Tribunal Central Administrativo Sul

231/19.0BESNT

Data
2020-06-18
Relator
PAULO PEREIRA GOUVEIA
Votação
UNANIMIDADE

Sumário

I - De acordo com o artigo 3º/1 do RGCO, a punição da contra-ordenação, rectius, do comportamento humano, é determinada pela lei vigente (também) no momento do preenchimento dos pressupostos de que depende. II - Daqui se conclui que, havendo um comportamento permanente que, entretanto, passou a ser punido com coima, i.e., que passou a ser proibido, é aplicável a esse comportamento o novo tipo punitivo.
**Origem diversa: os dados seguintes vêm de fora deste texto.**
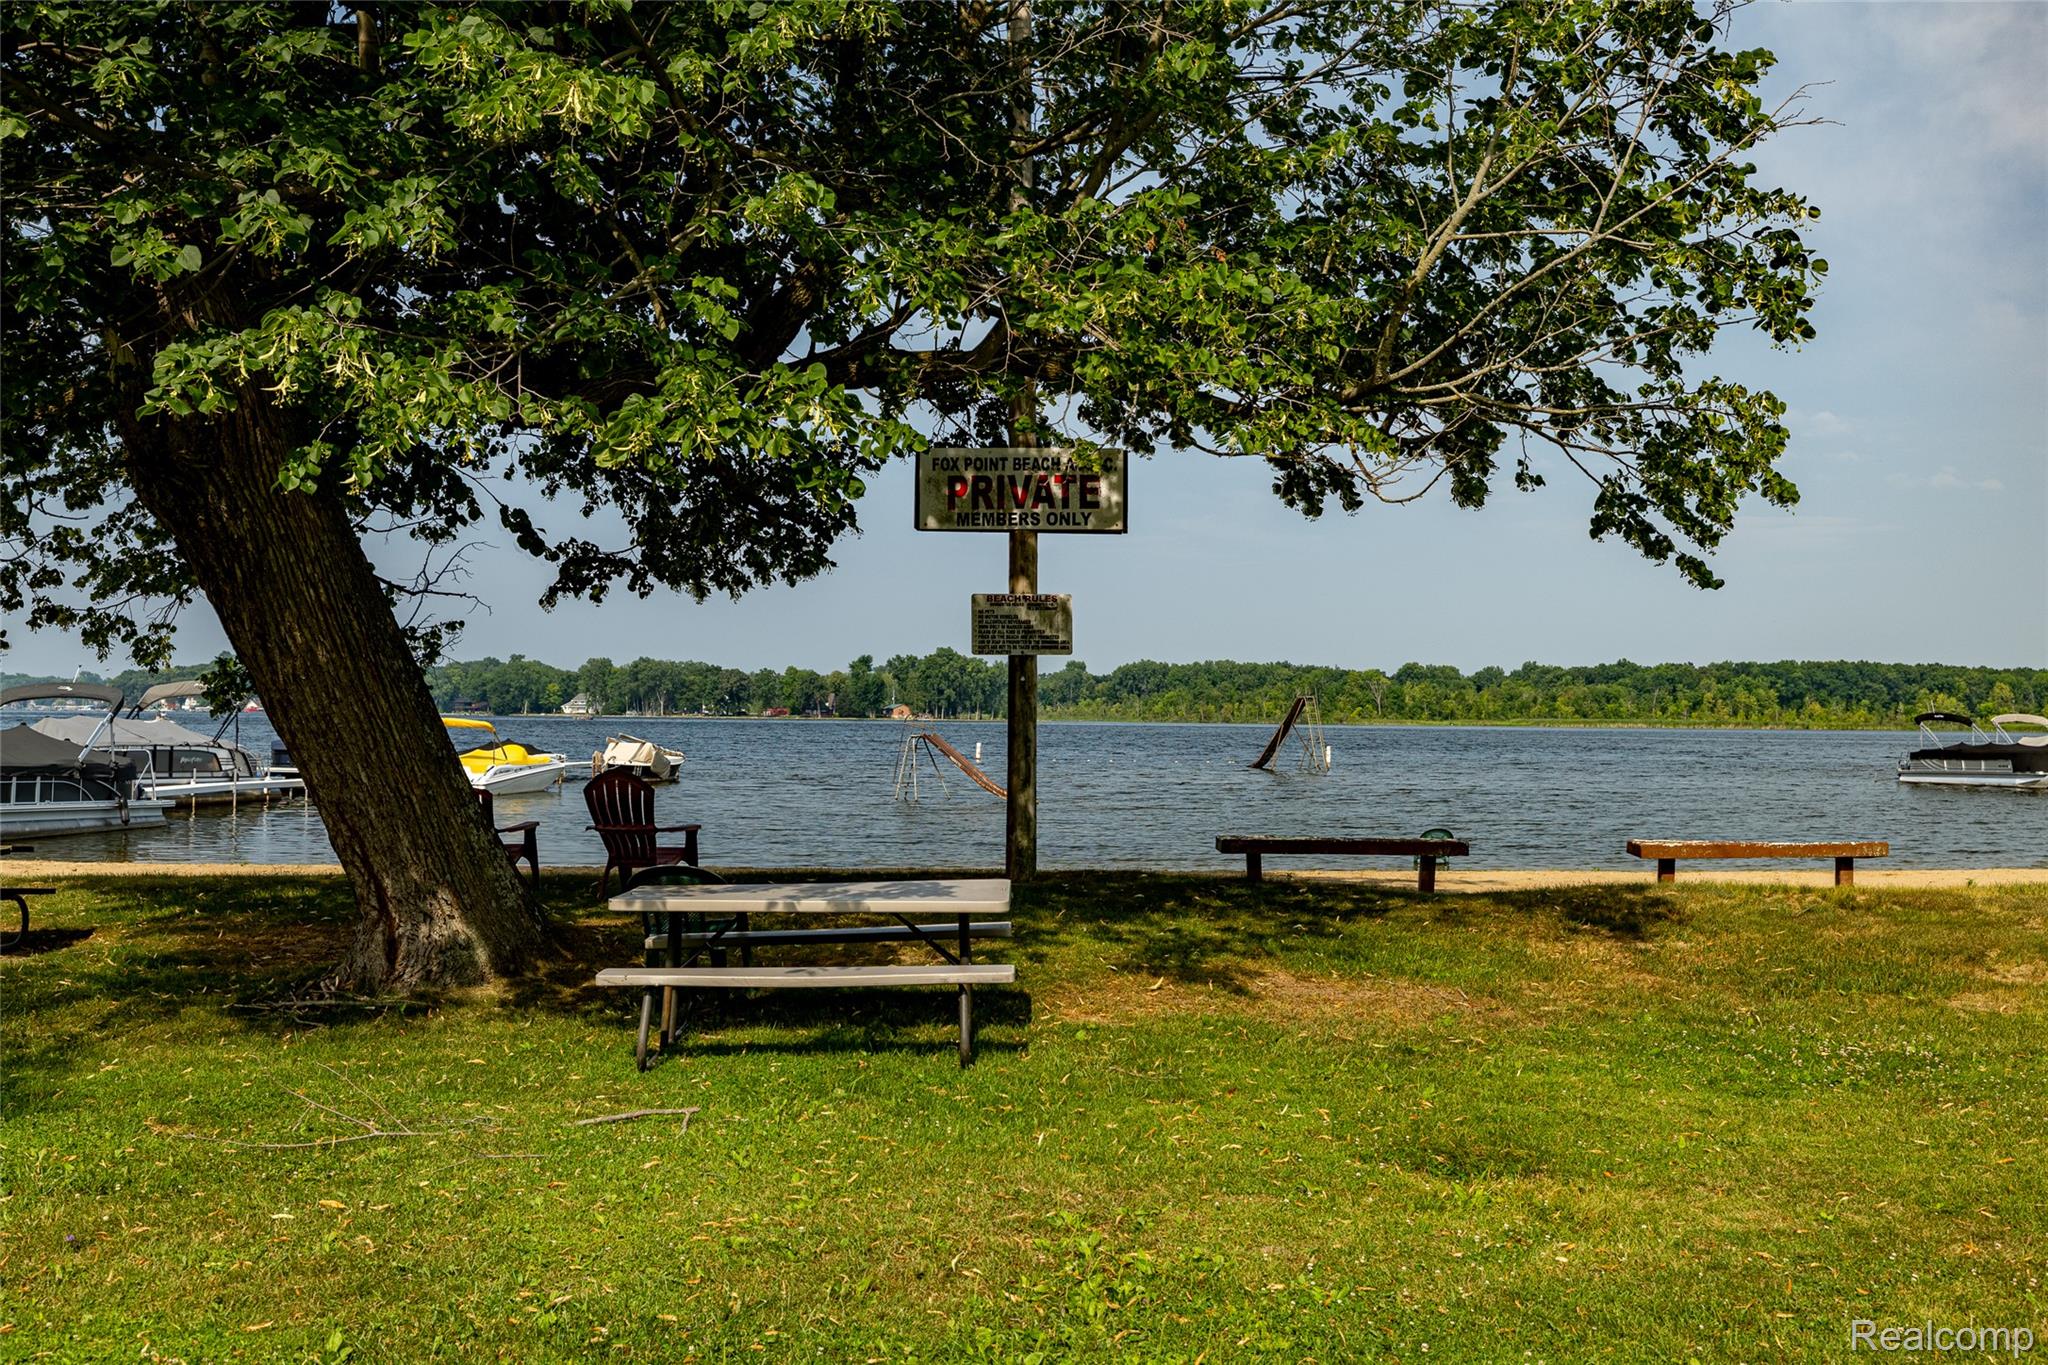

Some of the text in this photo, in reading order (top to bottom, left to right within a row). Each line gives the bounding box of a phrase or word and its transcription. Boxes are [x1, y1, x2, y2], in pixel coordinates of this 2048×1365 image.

III - E por isso o ato administrativo punitivo aqui impugnado perante o Tribunal Administrativo de Círculo não violou o princípio da legalidade punitiva, nem na vertente da proibição da retroatividade das normas punitivas; precisamente porque o comportamento duradouro existente, antes permitido, passou a ser proibido num contexto legal e temporal novo em que há presença (i) dessa conduta e (ii) da vontade “nova” do agente da nova infração. IV - Esta voluntariedade num comportamento permanente, quando entrou em vigor o RJUE, é ponto essencial para se considerar que tal comportamento duradouro voluntário presente está abrangido pelo novo tipo legal contraordenacional “ocupação de edifício sem autorização de utilização” (artigo 98º/1-d) do RJUE).